**** Dataset entries
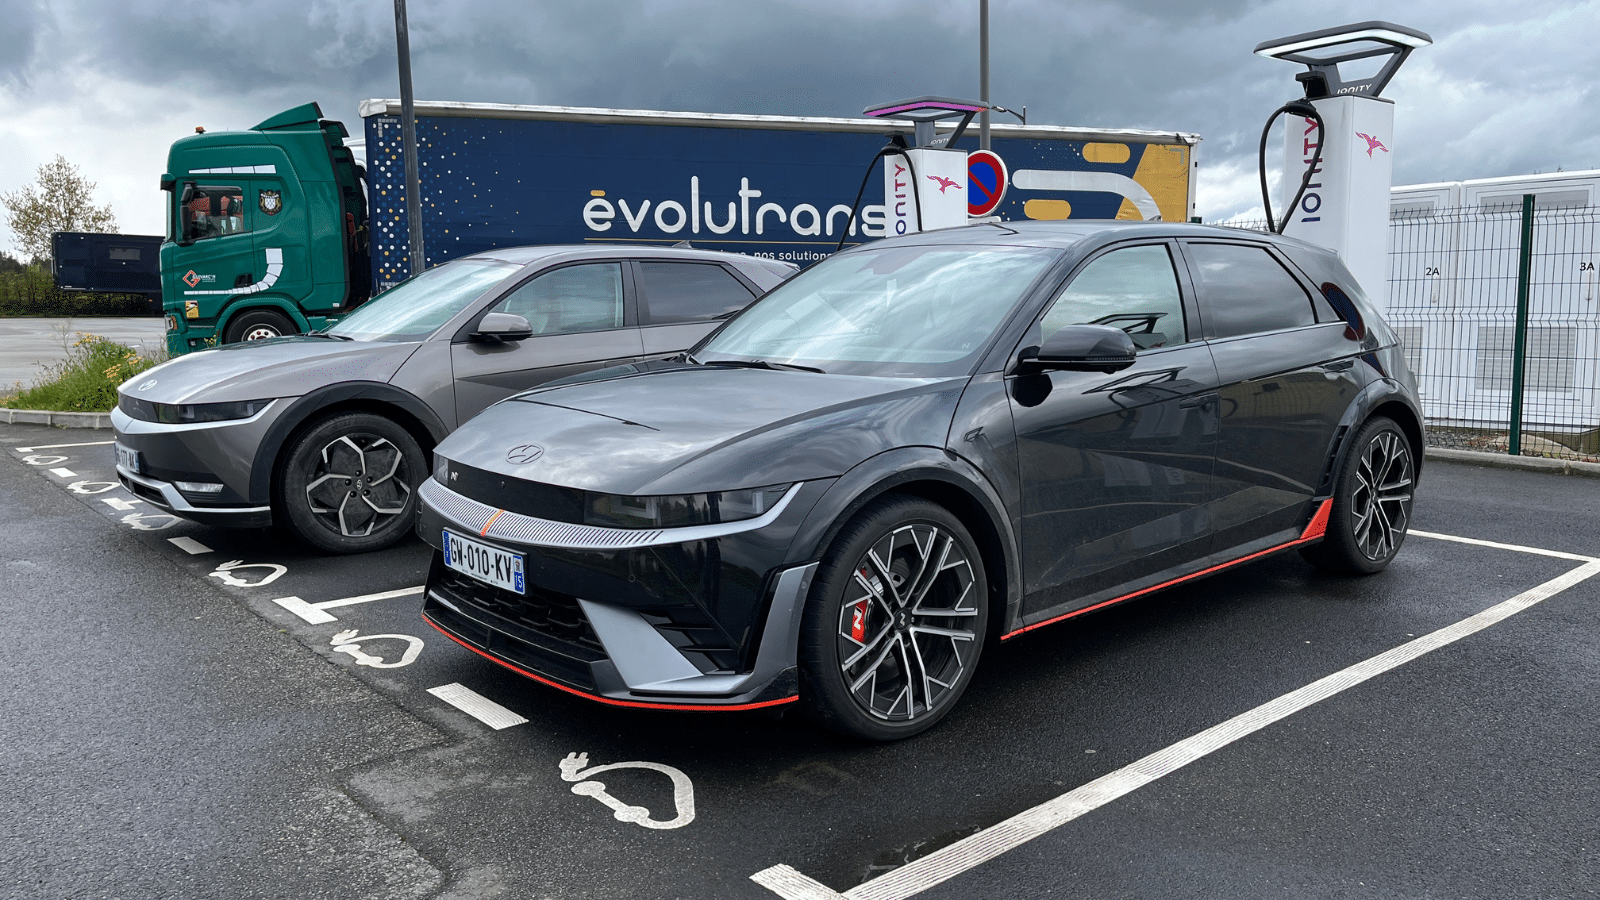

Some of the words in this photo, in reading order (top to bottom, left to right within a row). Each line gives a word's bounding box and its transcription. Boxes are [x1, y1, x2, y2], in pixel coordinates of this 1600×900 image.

[1337, 83, 1372, 95] IONITY
[895, 163, 906, 235] ONITY
[754, 251, 775, 260] nos
[1425, 267, 1440, 276] 2A
[1579, 262, 1595, 271] 3A
[450, 537, 512, 583] GW-010-KV
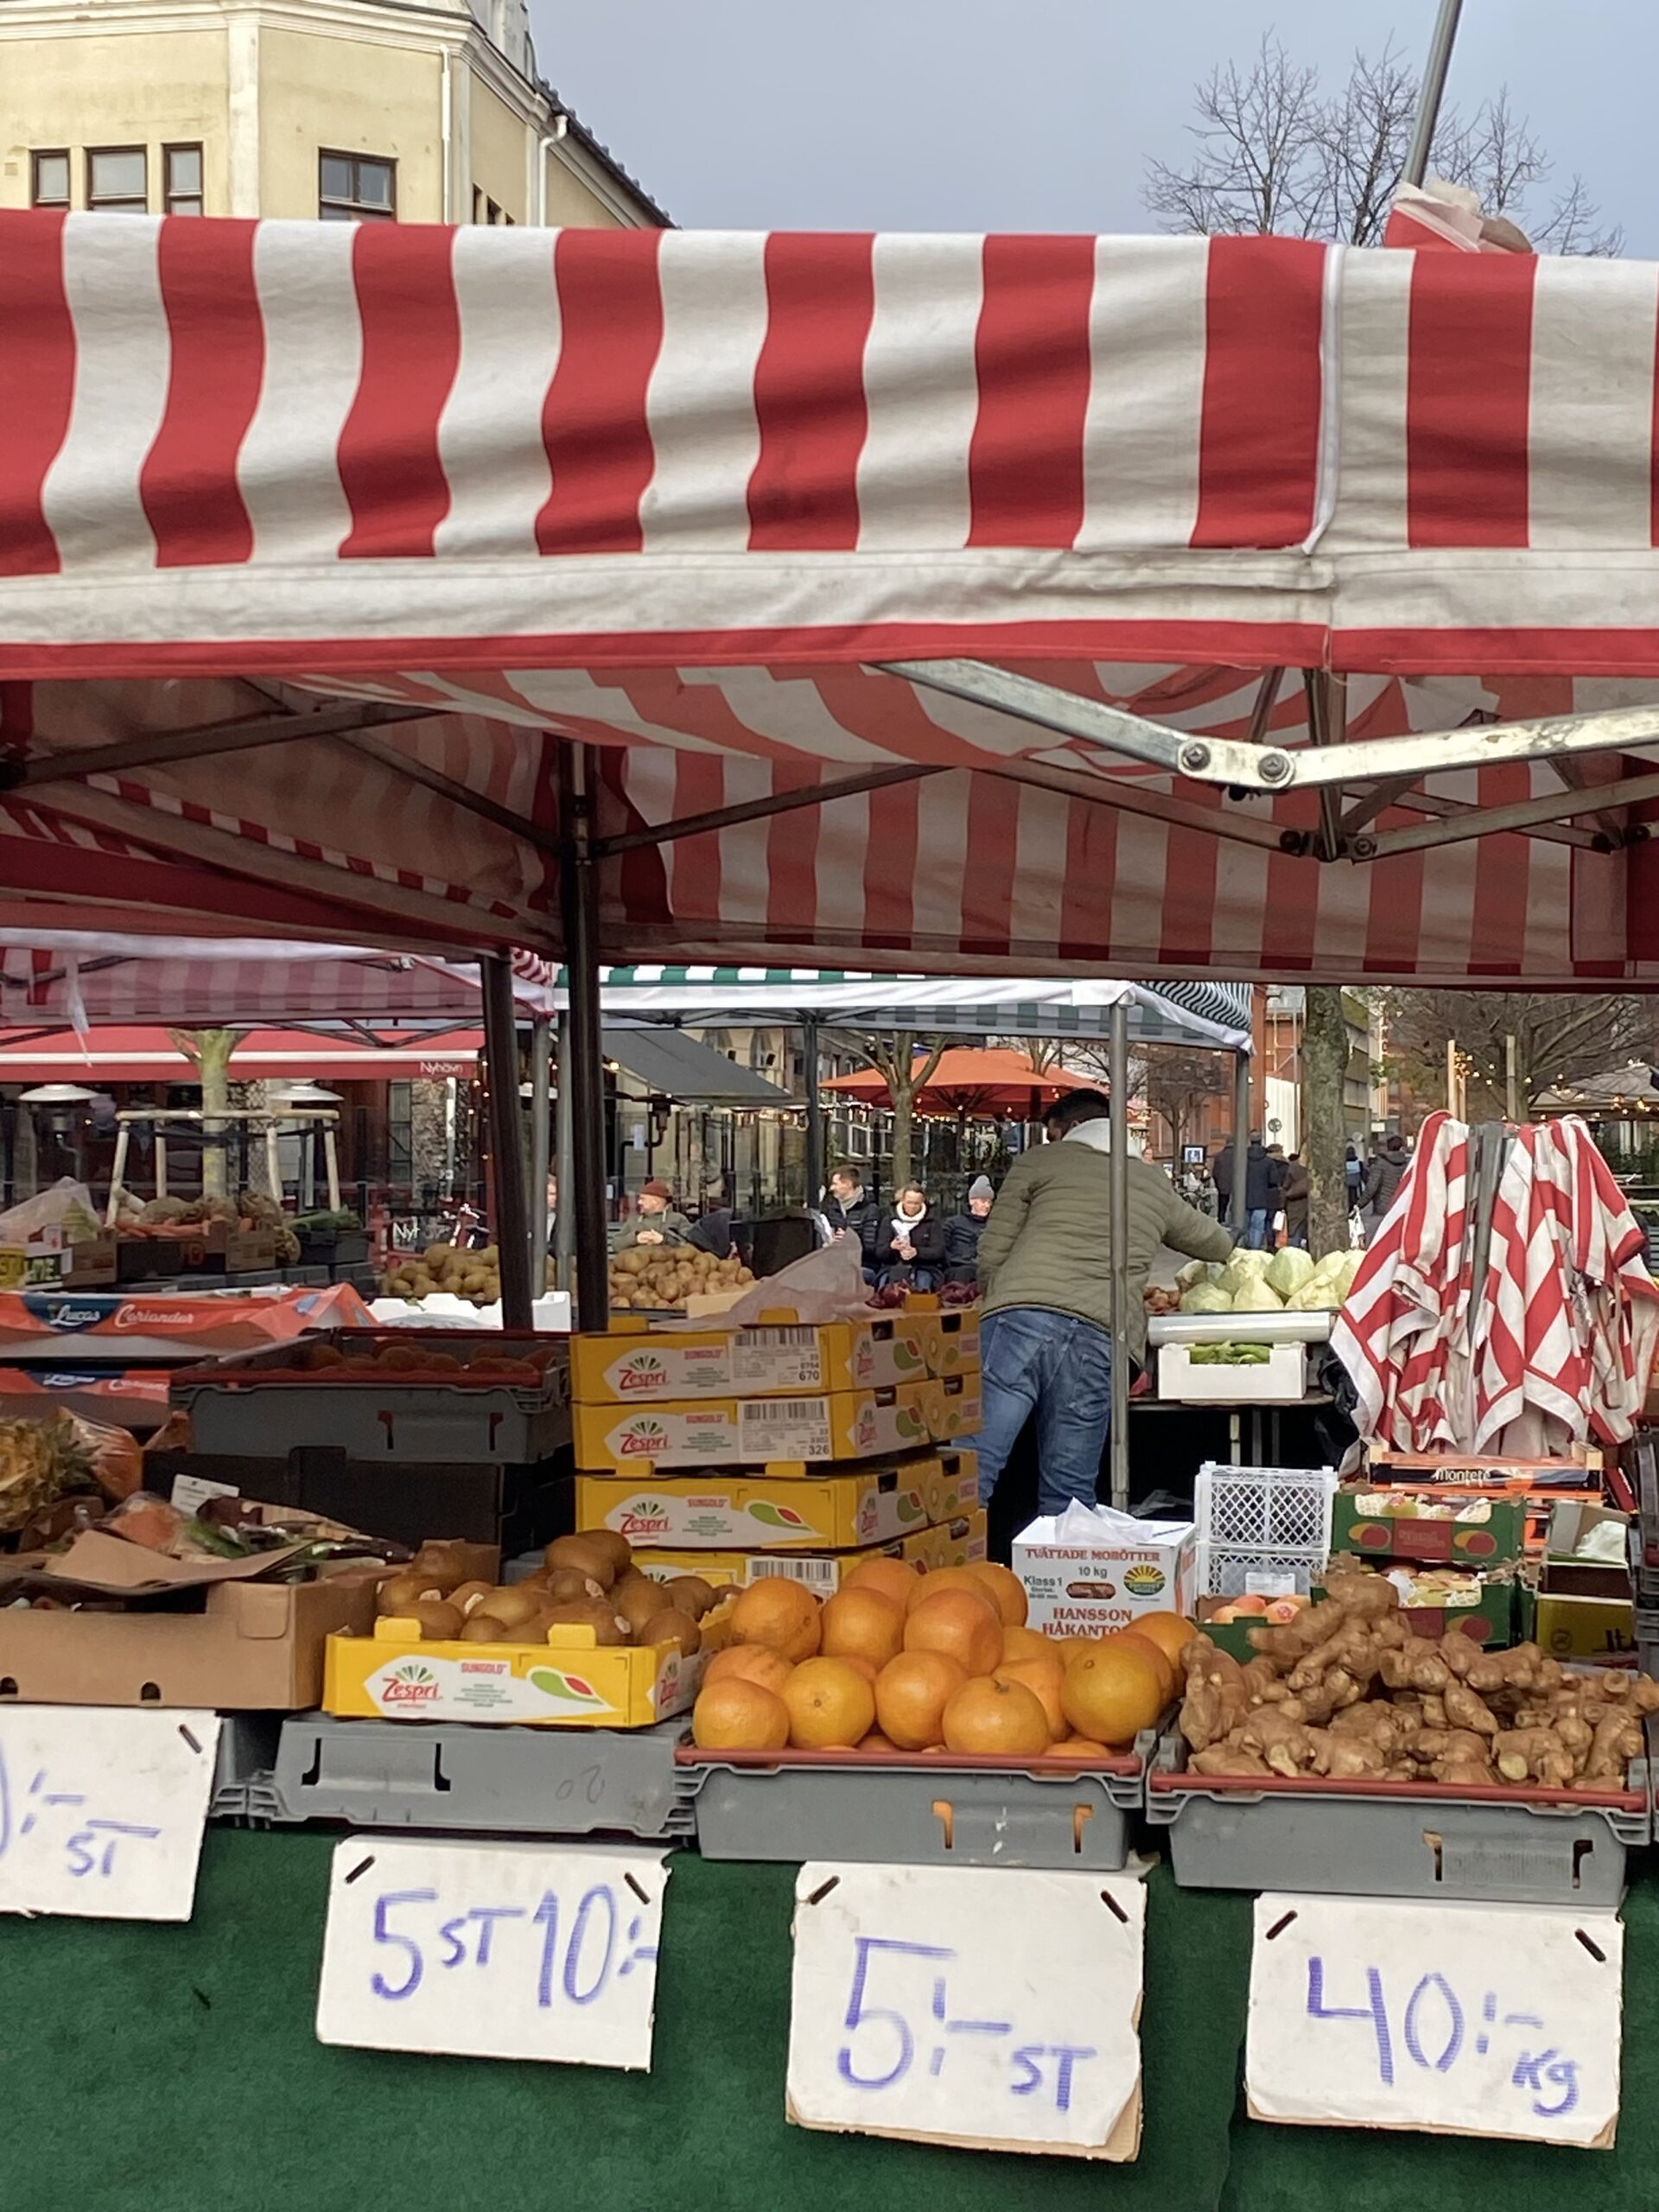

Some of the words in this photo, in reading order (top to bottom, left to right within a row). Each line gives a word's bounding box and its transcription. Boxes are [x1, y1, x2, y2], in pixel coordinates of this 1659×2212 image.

[420, 1061, 463, 1075] Nyhavn
[49, 1304, 100, 1326] Lucas
[618, 1369, 667, 1390] Zespri
[799, 1371, 819, 1381] 670
[620, 1433, 669, 1454] Zespri
[809, 1446, 830, 1455] 326
[620, 1513, 670, 1535] Zespri
[1026, 1547, 1088, 1560] TVÄTTADE
[1024, 1575, 1056, 1586] Klass
[1058, 1577, 1063, 1586] 1
[1078, 1567, 1091, 1576] 10
[1094, 1567, 1108, 1579] kg
[1053, 1607, 1133, 1622] HANSSON
[1042, 1621, 1125, 1637] HÅKANTO
[461, 1662, 505, 1675] SUNGOLD
[383, 1677, 441, 1702] Zespri
[66, 1820, 162, 1877] ST
[371, 1887, 438, 2000] 5
[439, 1907, 526, 1967] ST
[1011, 2044, 1097, 2113] ST
********
Action item: All of the records should be output exactly as they stand, with pictures omitted.

Response area:
Some of the words in this photo, in reading order (top to bottom, left to right within a row). Each line gives a word's bounding box and its transcription. Boxes are [x1, y1, x2, y2], in pixel coordinates of this 1600×900 image.

[1337, 83, 1372, 95] IONITY
[895, 163, 906, 235] ONITY
[754, 251, 775, 260] nos
[1425, 267, 1440, 276] 2A
[1579, 262, 1595, 271] 3A
[450, 537, 512, 583] GW-010-KV

Some of the words in this photo, in reading order (top to bottom, left to right within a row). Each line gives a word's bounding box and its transcription. Boxes are [x1, y1, x2, y2], in pixel coordinates of this 1659×2212 image.

[420, 1061, 463, 1075] Nyhavn
[49, 1304, 100, 1326] Lucas
[618, 1369, 667, 1390] Zespri
[799, 1371, 819, 1381] 670
[620, 1433, 669, 1454] Zespri
[809, 1446, 830, 1455] 326
[620, 1513, 670, 1535] Zespri
[1026, 1547, 1088, 1560] TVÄTTADE
[1024, 1575, 1056, 1586] Klass
[1058, 1577, 1063, 1586] 1
[1078, 1567, 1091, 1576] 10
[1094, 1567, 1108, 1579] kg
[1053, 1607, 1133, 1622] HANSSON
[1042, 1621, 1125, 1637] HÅKANTO
[461, 1662, 505, 1675] SUNGOLD
[383, 1677, 441, 1702] Zespri
[66, 1820, 162, 1877] ST
[371, 1887, 438, 2000] 5
[439, 1907, 526, 1967] ST
[1011, 2044, 1097, 2113] ST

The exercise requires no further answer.